Recentemente, na Toscana, tive a oportunidade de provar a Papa al Pomodoro, que, ao contrário do que possa parecer, não é feita de batatas. O prato é feito, basicamente, por pão amanhecido embebido em água e molho de tomate fresco, afinal, estamos na Itália —o contrário, seria quase que um sacrilégio.
Comi a versão do restaurante San Michele, no hotel Belmond Villa San Michele, construído onde outrora foi um convento no coração de Florença. Por lá, o prato ganha um upgrade pelas mãos do chef Alessandro Cozzolino, do restaurante gastronômico do hotel, o La Loggia Villa San Michele. O toque especial fica por conta dos croutons com toque de azeite, que trazem aquele contraste de texturas tão importante para um prato.
É importante reforçar, como os ingredientes denunciam, que a Papa al Pomodoro é um prato que remete à cozinha mais simples, do desperdício zero. Afinal, o pão amanhecido que iria ao lixo vira a amálgama que sacia a fome e desperta os sentidos.
A partir do pão amanhecido, não há como não lembrar da Açorda, uma marca do Alentejo, centro-sul de Portugal. A grande diferença, no caso, é que o prato português não leva tomate. É o azeite, o alho e as ervas aromáticas, como o coentro, que trazem o sabor ao preparo. O prato também pode ser acrescido de ovo, bacalhau ou marisco.
Nessa seara da Mesa Compartilhada, na qual Itália e Portugal dialogam com seus pratos salgados de pão amanhecido, mais reminiscências gastronômicas: quem aí nunca comeu uma boa rabanada feita com o ingrediente vencido, leite, açúcar e canela? No Brasil, o doce ganha as mesas especialmente na época do Natal.

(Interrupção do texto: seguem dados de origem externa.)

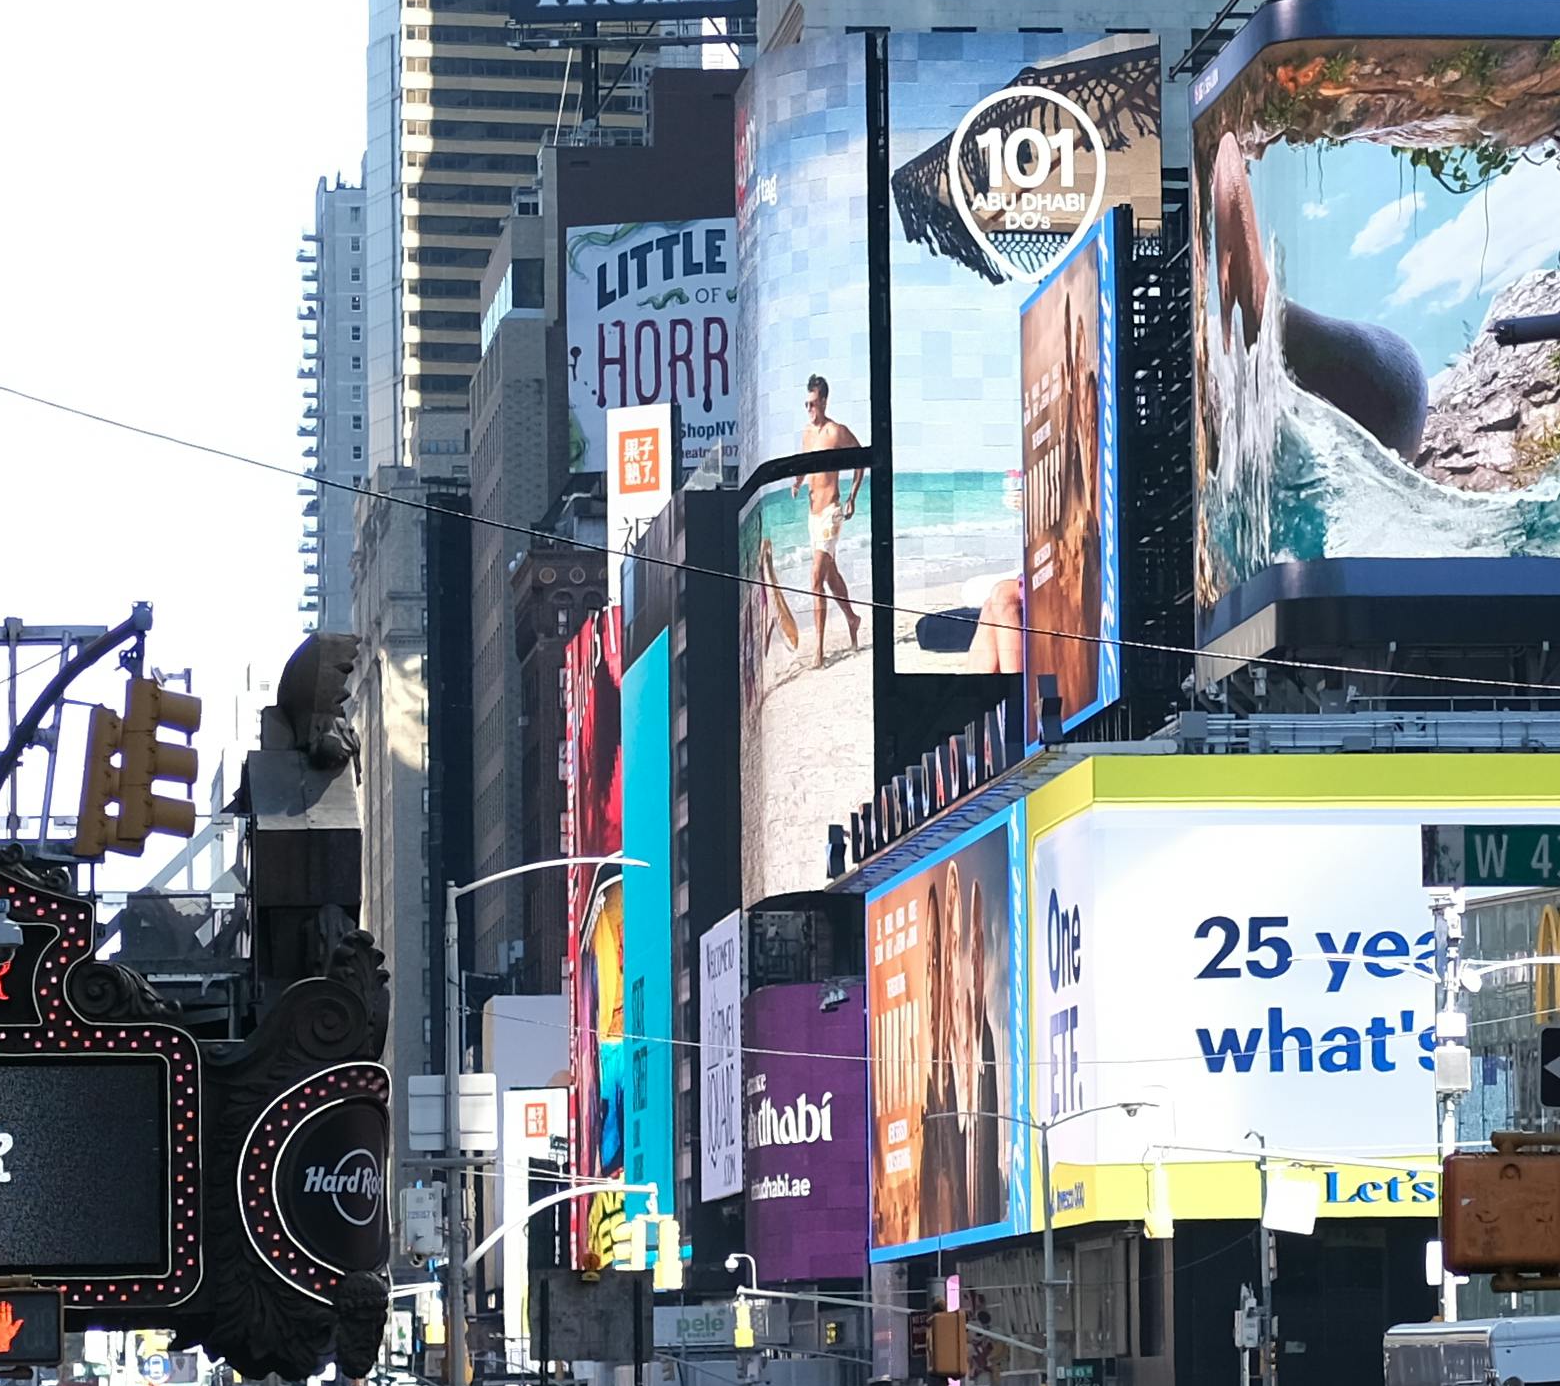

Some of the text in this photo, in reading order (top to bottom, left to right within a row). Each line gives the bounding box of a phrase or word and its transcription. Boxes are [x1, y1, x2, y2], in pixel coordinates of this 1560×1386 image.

[975, 126, 1075, 189] 101
[971, 192, 1086, 212] ABU DHABI
[596, 228, 727, 312] LITTLE
[695, 287, 721, 304] OF
[596, 316, 738, 413] HORR
[1474, 833, 1509, 879] W
[1047, 888, 1081, 994] One
[1193, 915, 1293, 980] 25
[1050, 1004, 1084, 1117] ETF.
[303, 1166, 361, 1193] Hard
[1324, 1169, 1437, 1204] Let's

Já em Portugal, onde também pode ser encontrada com o nome de fatia dourada, é mais constante nas vitrines das pastelarias, para a alegria dos amantes do doce, que também faz sucesso na Espanha.
Na França, a sobremesa feita com pão amanhecido, leite e açúcar é batizada de Pain Perdu —ou, pão perdido: nada mais apropriado.

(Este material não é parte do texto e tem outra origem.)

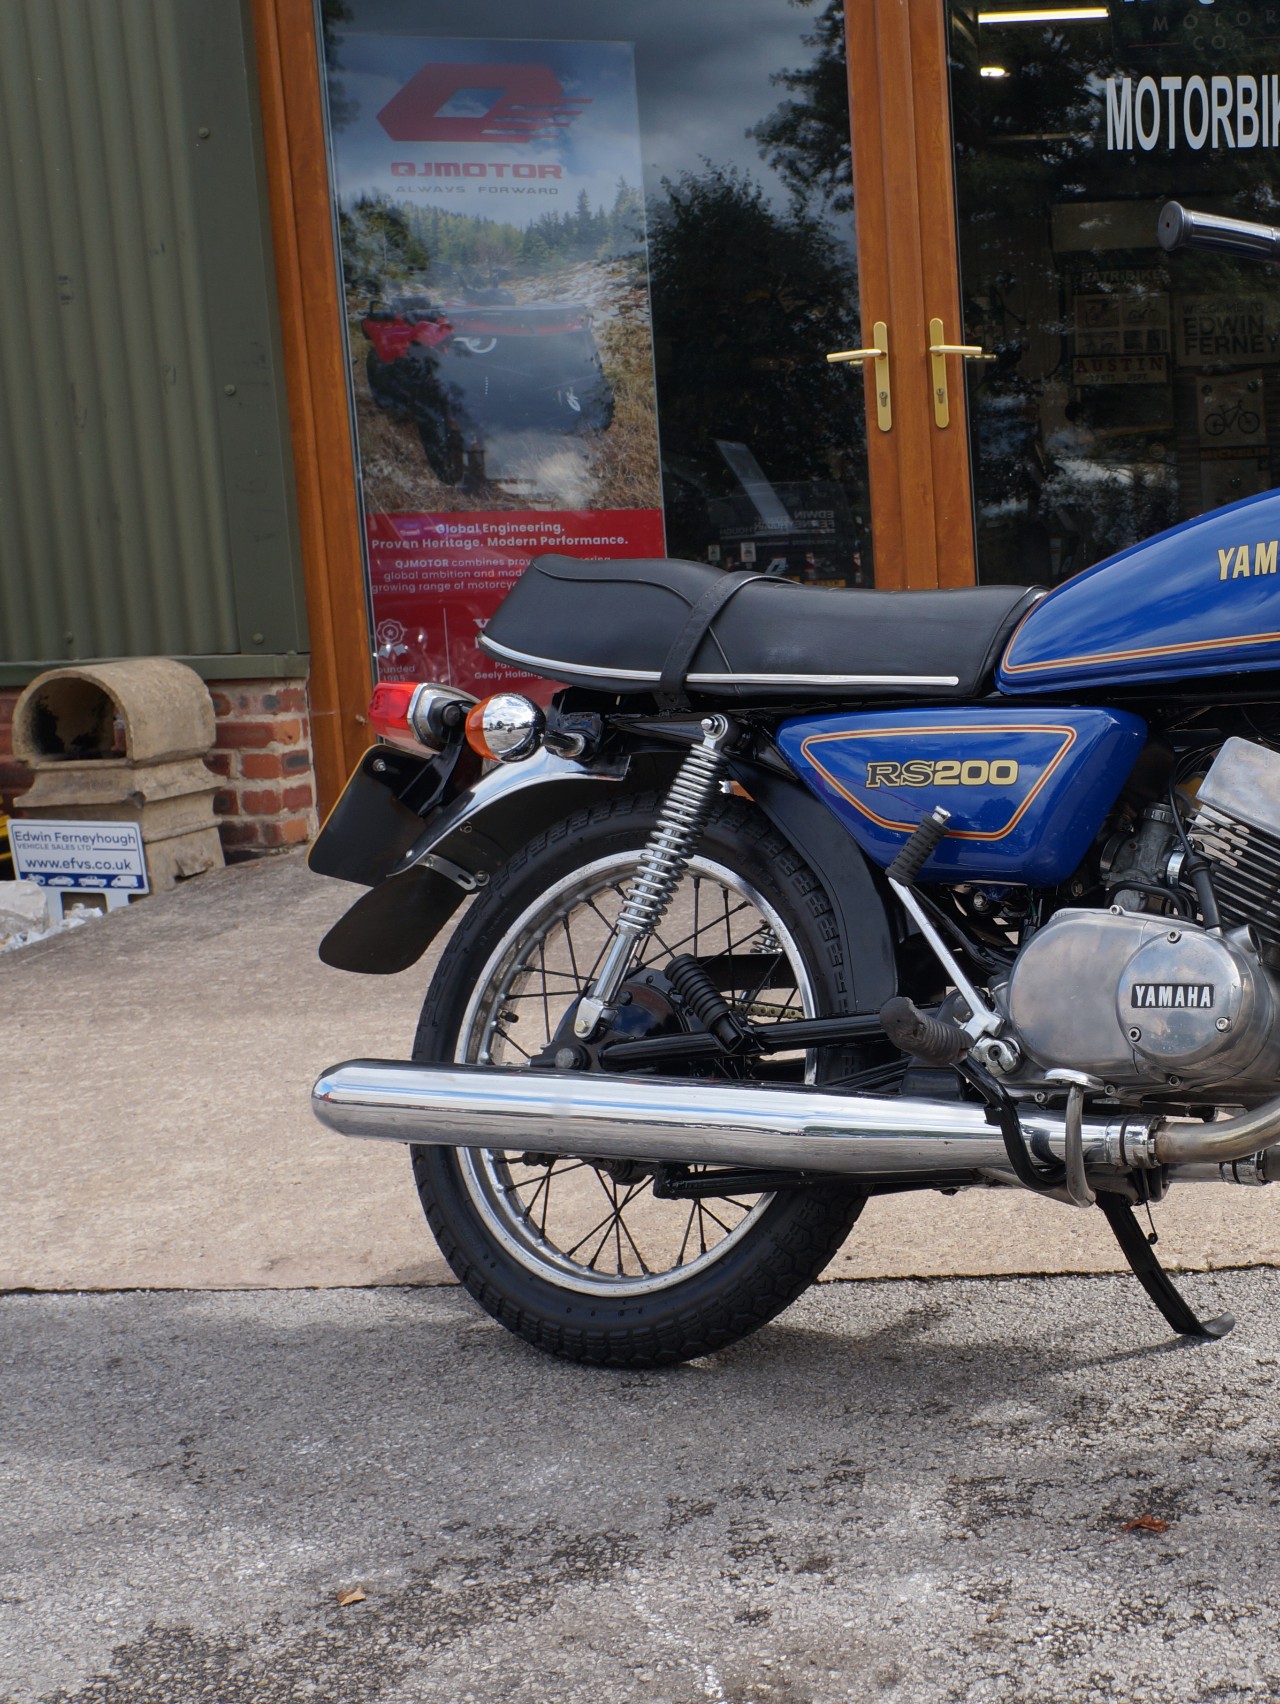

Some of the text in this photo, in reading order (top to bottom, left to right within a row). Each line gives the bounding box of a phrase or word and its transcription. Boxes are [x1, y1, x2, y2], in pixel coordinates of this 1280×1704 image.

[391, 162, 562, 179] QJMOTOR
[395, 185, 559, 195] ALWAYS FORWARD
[1184, 315, 1264, 336] EDWIN
[1075, 357, 1164, 373] AUSTIN
[435, 522, 565, 535] Global Engineering.
[372, 535, 628, 550] Proven Heritage. Modern Performance.
[395, 558, 531, 569] QJMOTOR combines prov
[384, 569, 525, 581] global ambition and mod
[372, 583, 416, 594] growing
[418, 583, 451, 592] range
[454, 581, 465, 590] of
[475, 671, 502, 680] Geely
[865, 759, 1019, 788] RS200
[14, 831, 136, 847] Edwin Ferneyhough
[25, 857, 132, 870] www.efvs.co.uk
[1135, 985, 1211, 1007] YAMAHA

E na onda dos doces feitos com o pão que já passou do ponto de receber manteiga e ser saboreado fresquinho, a gente passa rapidamente pelo Reino Unido e faz uma conexão no Brasil —minha mãe fazia um pudim de pão que era puro afeto— e desembarca no Sul dos Estados Unidos: é por lá que o pudim de pão reina absoluto na lista de sobremesas e é feito de um modo bem raiz: em um tabuleiro!
No ano passado, tive a oportunidade de aprender a receita em uma aula na New Orleans School of Cooking, com o chef Eric Perkins, em uma versão que leva chocolate branco.
Aliás, ele explicou que o toque a mais pode ser dado com toda a sorte de ingredientes, incluindo as temidas passas (que eu, particularmente, amo) ou as não menos polêmicas frutas cristalizadas.
Um desvio premeditado
Ao compartilhar as referências às receitas com pão amanhecido, veio à lembrança outro ingrediente partilhado em mesas nos quatro cantos do mundo. Lá no sul dos Estados Unidos, tive contato estreito com outro ingrediente: o quiabo! Por lá, o produto é apresentado especialmente na versão empanada e frita por imersão. É, a cozinha por lá não é, digamos, muito light.
O ingrediente também pode, a depender da região, entrar no preparo do Gumbo, um guisado super suculento feito com carne de porco ou marisco, cujo caldo pode ser engrossado com roux (a clássica mistura de farinha de trigo e manteiga) ou com quiabo, famoso por sua característica viscosa (ou baba, como muitos costumam dizer).
Tal como no Brasil, o ingrediente foi levado pelos povos escravizados e se enraizou como importante elemento cultural. Em terras brasileiras, o quiabo é estrela de pratos como o frango com quiabo, um dos tesouros da gastronomia mineira. O quiabo também é elemento essencial do caruru, um dos ícones do receituário baiano.
Sinto em deixar o leitor com água na boca, mas esse papo sobre o quiabo ainda tem muito a render dada a riqueza do ingrediente. Por isso, vamos deixar para uma próxima Mesa Compartilhada. Nossa reserva para o próximo mês já está feita aqui, na BRASIL JÁ, nosso ponto de encontro a partir de agora.